Selain itu, batasan jenis pekerjaan yang boleh di-outsourcing juga menjadi isu krusial. Dalam Undang-Undang Ketenagakerjaan, pekerjaan outsourcing seharusnya hanya terbatas pada kegiatan penunjang yang tidak berhubungan langsung dengan proses produksi. Namun, dalam praktiknya, seringkali ditemukan pekerja outsourcing yang mengerjakan pekerjaan inti perusahaan.
Undang-Undang Cipta Kerja sempat menghapus batasan ini, yang kemudian memicu kekhawatiran akan semakin maraknya praktik outsourcing dan potensi eksploitasi pekerja.
Apa Dampak Penghapusan Outsourcing Bagi Perusahaan dan Pekerja?
Penghapusan outsourcing tentu akan membawa dampak signifikan bagi perusahaan dan pekerja.
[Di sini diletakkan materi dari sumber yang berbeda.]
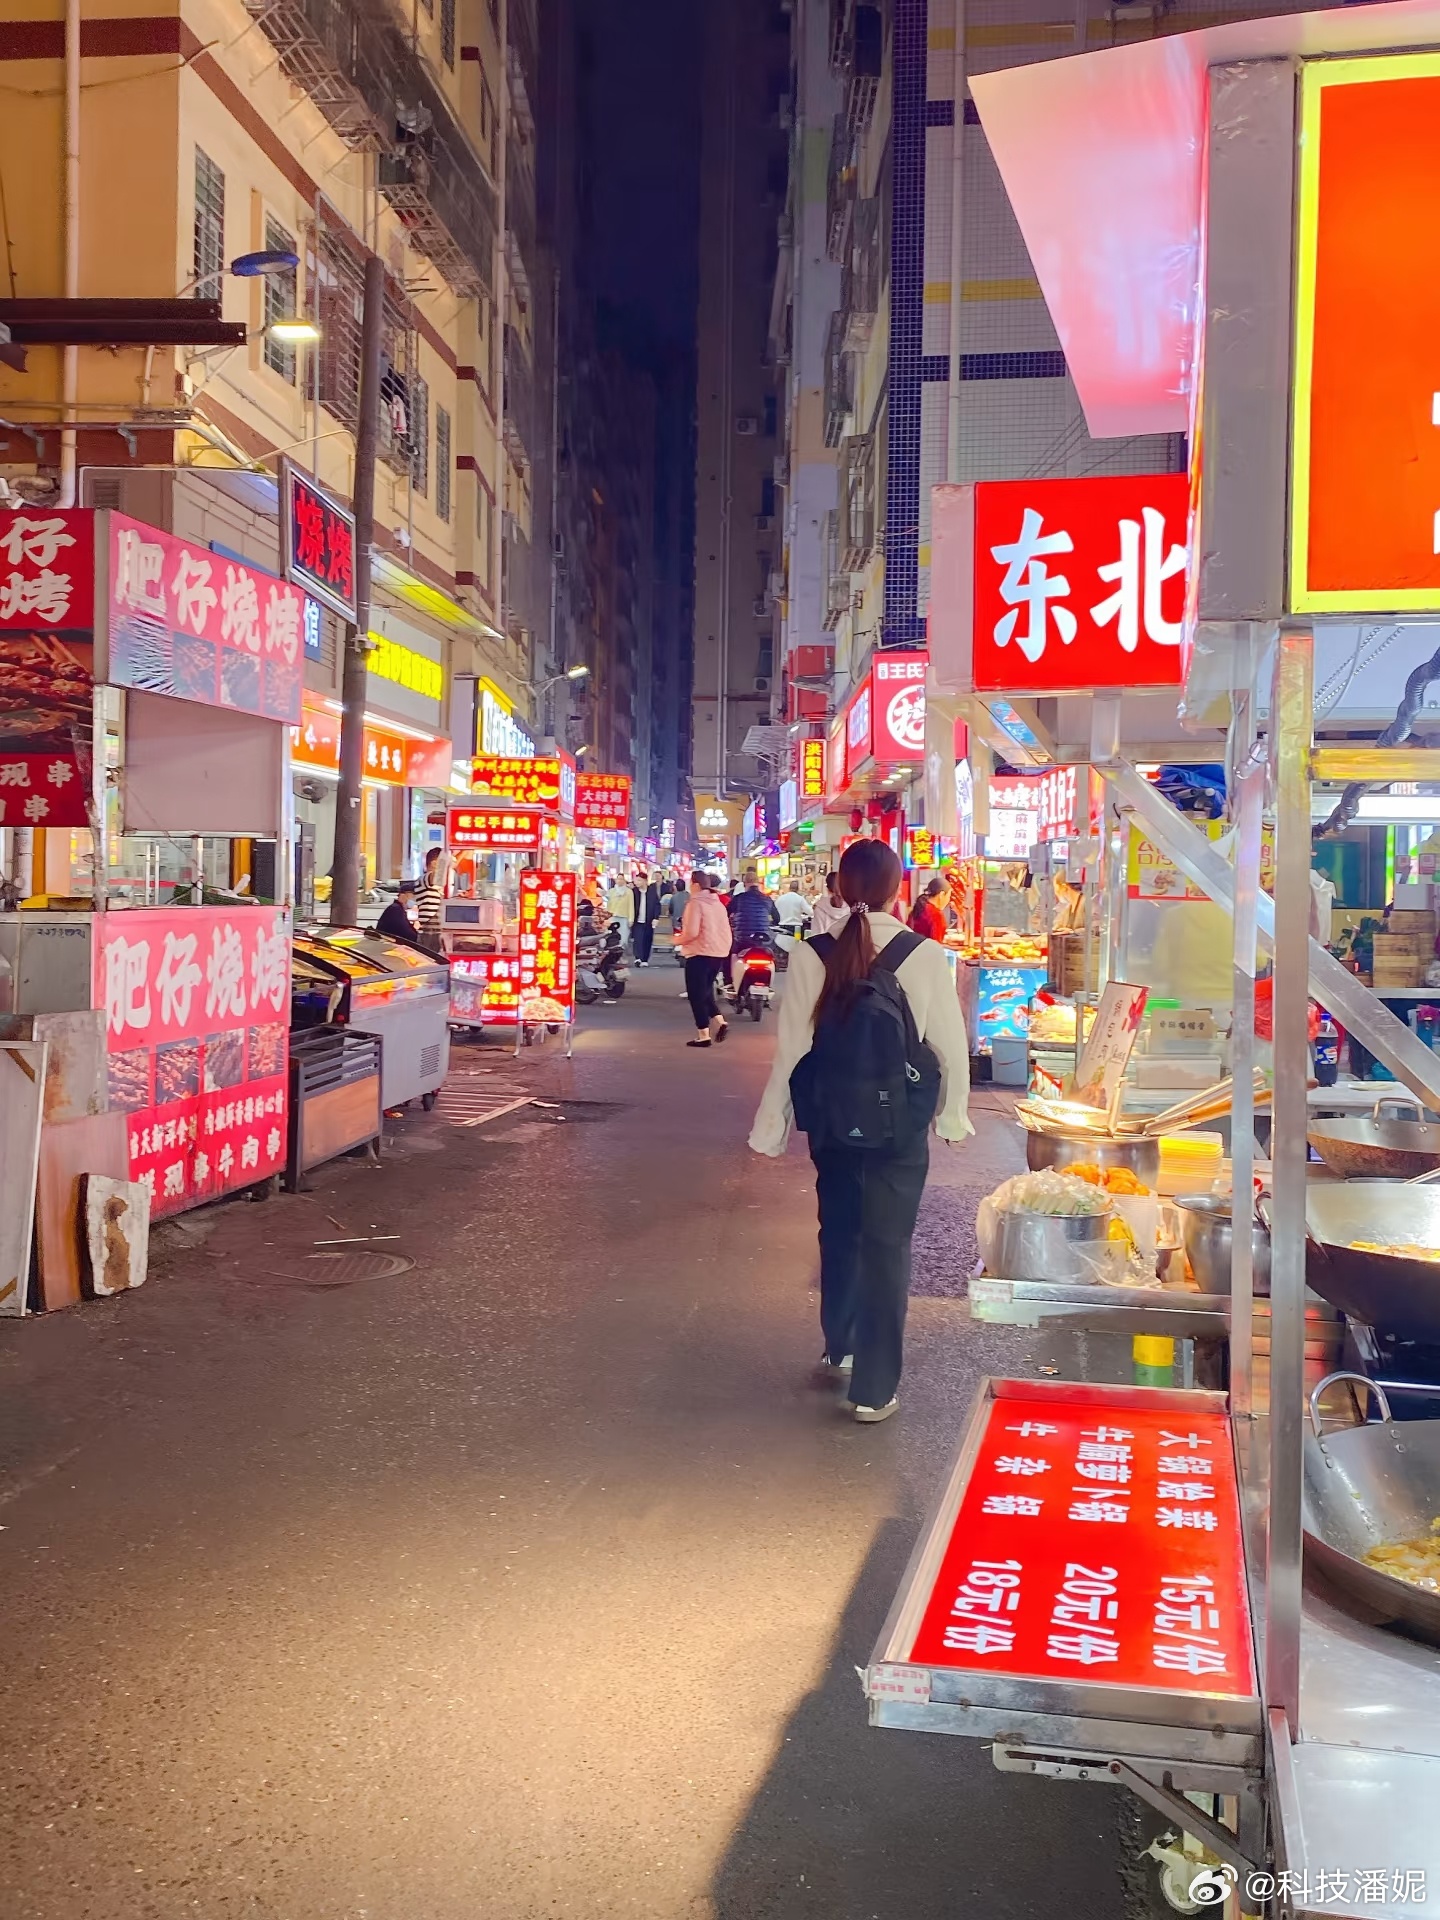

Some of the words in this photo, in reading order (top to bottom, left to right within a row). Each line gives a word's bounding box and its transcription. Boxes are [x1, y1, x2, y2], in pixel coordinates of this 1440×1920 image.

[0, 517, 76, 567] 仔
[296, 487, 353, 599] 烧烤
[990, 506, 1190, 663] 东北
[0, 569, 74, 622] 烤
[116, 528, 301, 665] 肥仔烧烤
[889, 663, 929, 679] 王氏
[576, 776, 629, 790] 东北特色
[105, 923, 289, 1035] 肥仔烧烤
[536, 889, 558, 990] 脆皮手撕鸡
[982, 1421, 1058, 1516] 牛杂锅
[1069, 1426, 1134, 1523] 牛腩萝卜锅
[1155, 1430, 1218, 1531] 大锅烩菜
[943, 1559, 1023, 1654] 18元/份
[1046, 1563, 1120, 1664] 20元/份
[1153, 1575, 1226, 1675] 15元/份
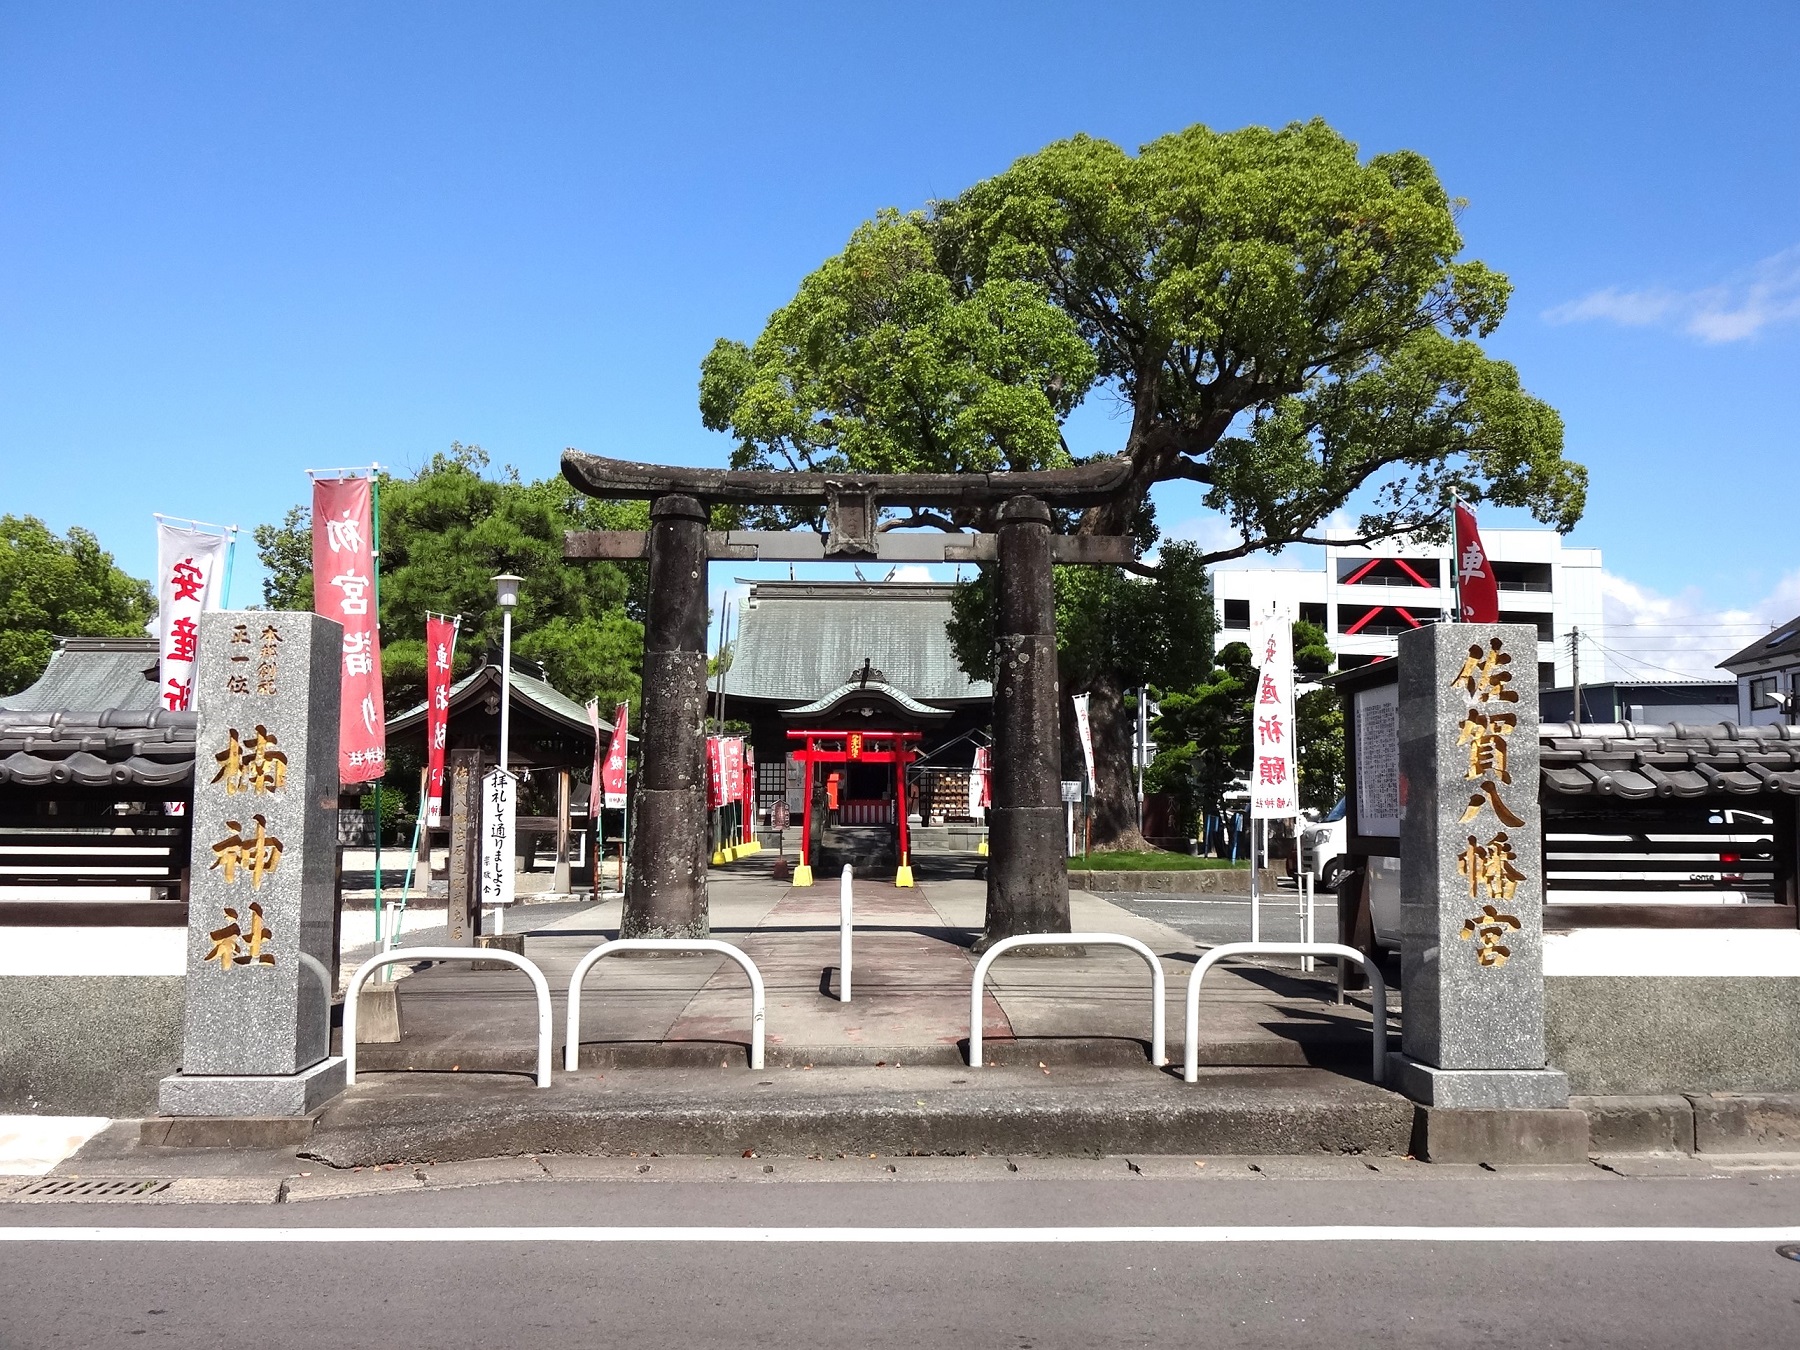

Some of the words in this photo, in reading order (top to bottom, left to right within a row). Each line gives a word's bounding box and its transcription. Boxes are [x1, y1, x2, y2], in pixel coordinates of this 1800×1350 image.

[226, 625, 251, 695] 正一位
[204, 724, 289, 971] 楠神社
[1450, 637, 1527, 968] 佐賀八幡宮
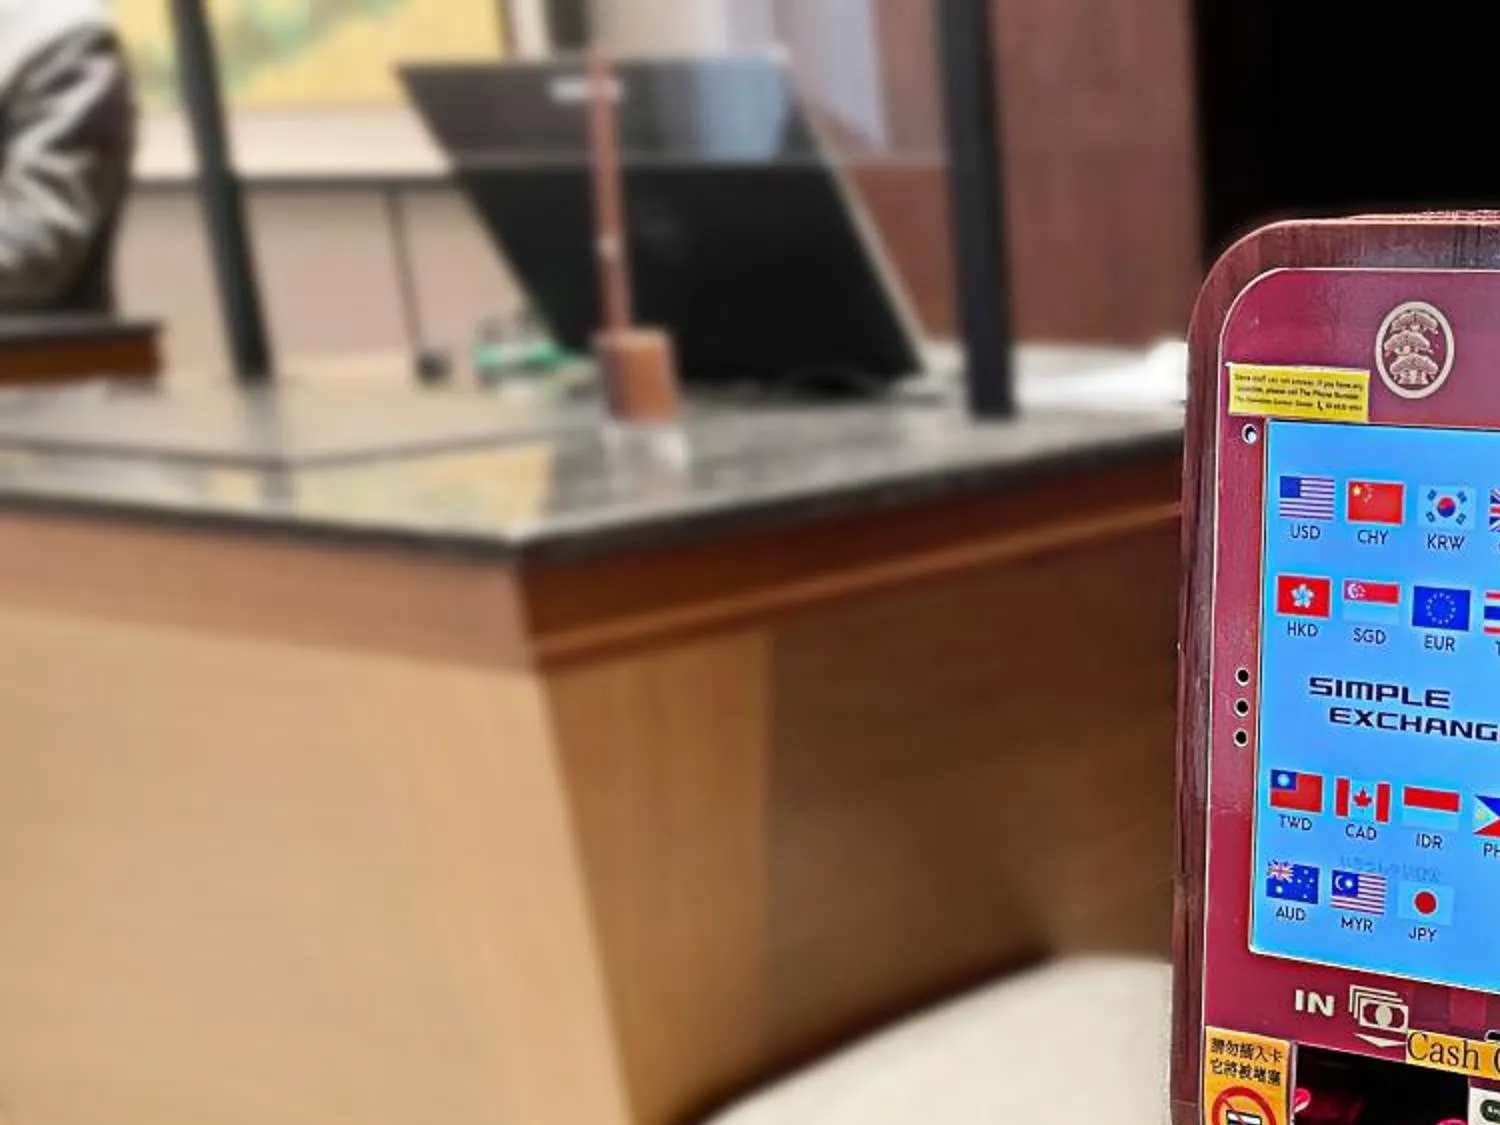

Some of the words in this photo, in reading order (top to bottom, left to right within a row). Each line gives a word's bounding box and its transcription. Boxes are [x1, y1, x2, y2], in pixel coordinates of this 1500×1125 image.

[1290, 525, 1321, 541] USD
[1357, 529, 1388, 546] CHY
[1427, 534, 1466, 552] KRW
[1287, 622, 1319, 638] HKD
[1353, 627, 1387, 645] SGD
[1424, 634, 1455, 652] EUR
[1309, 676, 1451, 710] SIMPLE
[1278, 813, 1313, 832] TWD
[1345, 823, 1378, 842] CAD
[1415, 832, 1443, 850] IDR
[1275, 905, 1307, 923] AUD
[1340, 916, 1374, 934] MYR
[1408, 926, 1438, 944] JPY
[1295, 989, 1335, 1017] IN
[1408, 1031, 1479, 1071] Cash
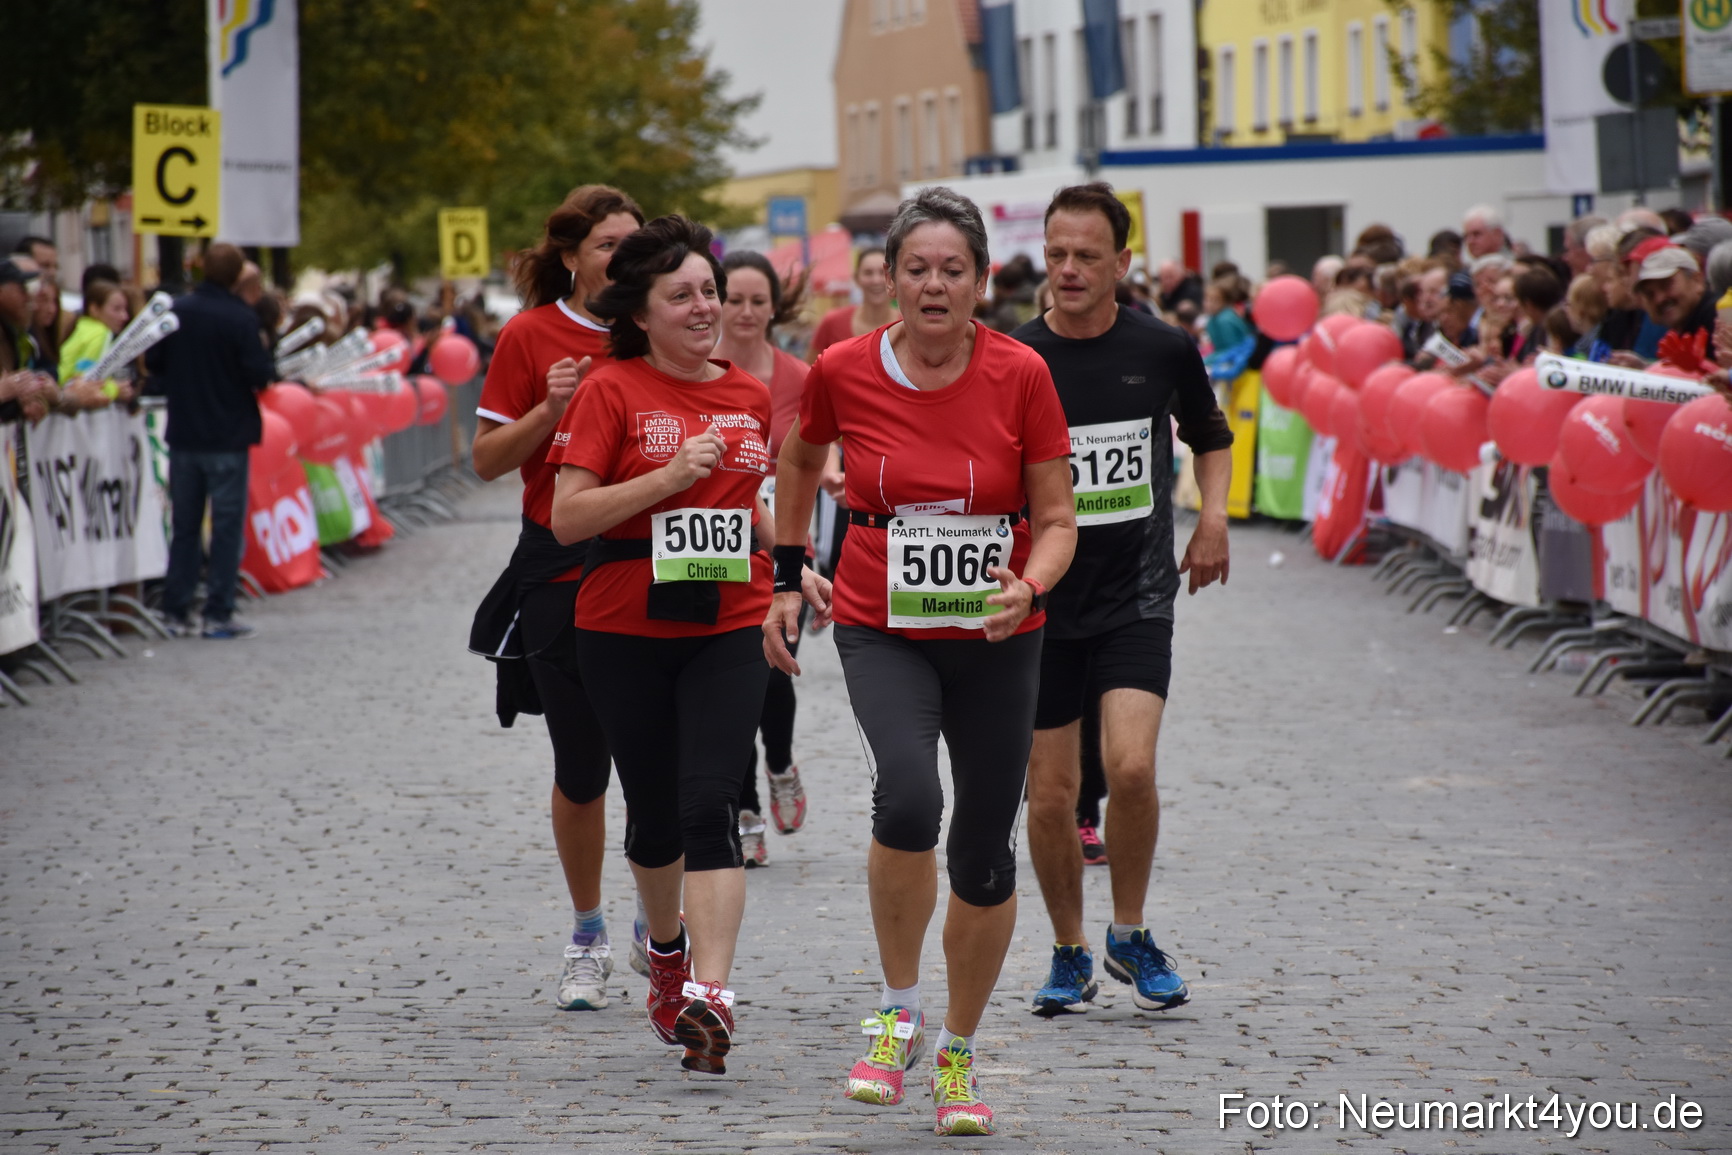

Bagi perusahaan, mereka mungkin perlu merekrut lebih banyak pekerja tetap untuk menggantikan pekerja outsourcing, yang berpotensi meningkatkan biaya operasional. Namun, di sisi lain, hal ini juga dapat meningkatkan loyalitas dan produktivitas pekerja karena merasa lebih dihargai dan memiliki jaminan kerja yang lebih pasti.
Bagi pekerja, penghapusan outsourcing dapat memberikan harapan akan status kerja yang lebih stabil, upah yang lebih baik, dan perlindungan hak-hak yang lebih terjamin. Namun, ada juga kekhawatiran bahwa beberapa pekerja outsourcing mungkin kehilangan pekerjaan jika perusahaan tidak mampu menyerap mereka sebagai pekerja tetap.
Untuk mengatasi potensi dampak negatif, Prabowo berencana mempertemukan 150 pemimpin buruh dengan 150 pemimpin perusahaan di Istana Bogor. Tujuannya adalah untuk mencari solusi terbaik yang dapat mengakomodasi kepentingan semua pihak, baik pekerja maupun pengusaha.
Bagaimana Nasib Pekerja Outsourcing Jika Skema Ini Dihapus?
Pertanyaan ini menjadi perhatian utama bagi jutaan pekerja outsourcing di Indonesia. Pemerintah perlu menyiapkan langkah-langkah konkret untuk memastikan transisi yang mulus dan adil bagi para pekerja ini. Beberapa opsi yang mungkin dipertimbangkan antara lain:
- Mendorong perusahaan untuk menyerap pekerja outsourcing sebagai pekerja tetap.
- Memberikan pelatihan dan keterampilan tambahan kepada pekerja outsourcing agar mereka memiliki daya saing yang lebih tinggi di pasar kerja.
- Menciptakan lapangan kerja baru melalui program-program kewirausahaan dan pengembangan UMKM.
Selain itu, penting juga untuk memperkuat pengawasan terhadap praktik outsourcing yang masih berjalan selama masa transisi, guna mencegah terjadinya pelanggaran hak-hak pekerja.
Presiden Prabowo juga membagikan baju dan topi saat meninggalkan acara May Day, menunjukkan perhatiannya terhadap para pekerja. Langkah-langkah konkret dan dialog yang konstruktif antara pemerintah, pengusaha, dan pekerja akan menjadi kunci untuk mewujudkan sistem ketenagakerjaan yang lebih adil dan sejahtera bagi seluruh rakyat Indonesia.
Hubungan kerja antara perusahaan outsourcing dan pekerjanya harus didasarkan pada perjanjian kerja tertulis, baik PKWT maupun PKWTT. Jika pekerja dipekerjakan sebagai PKWT, perjanjian kerjanya harus menjamin pengalihan perlindungan hak-hak pekerja jika terjadi pergantian perusahaan outsourcing, selama objek pekerjaannya masih ada.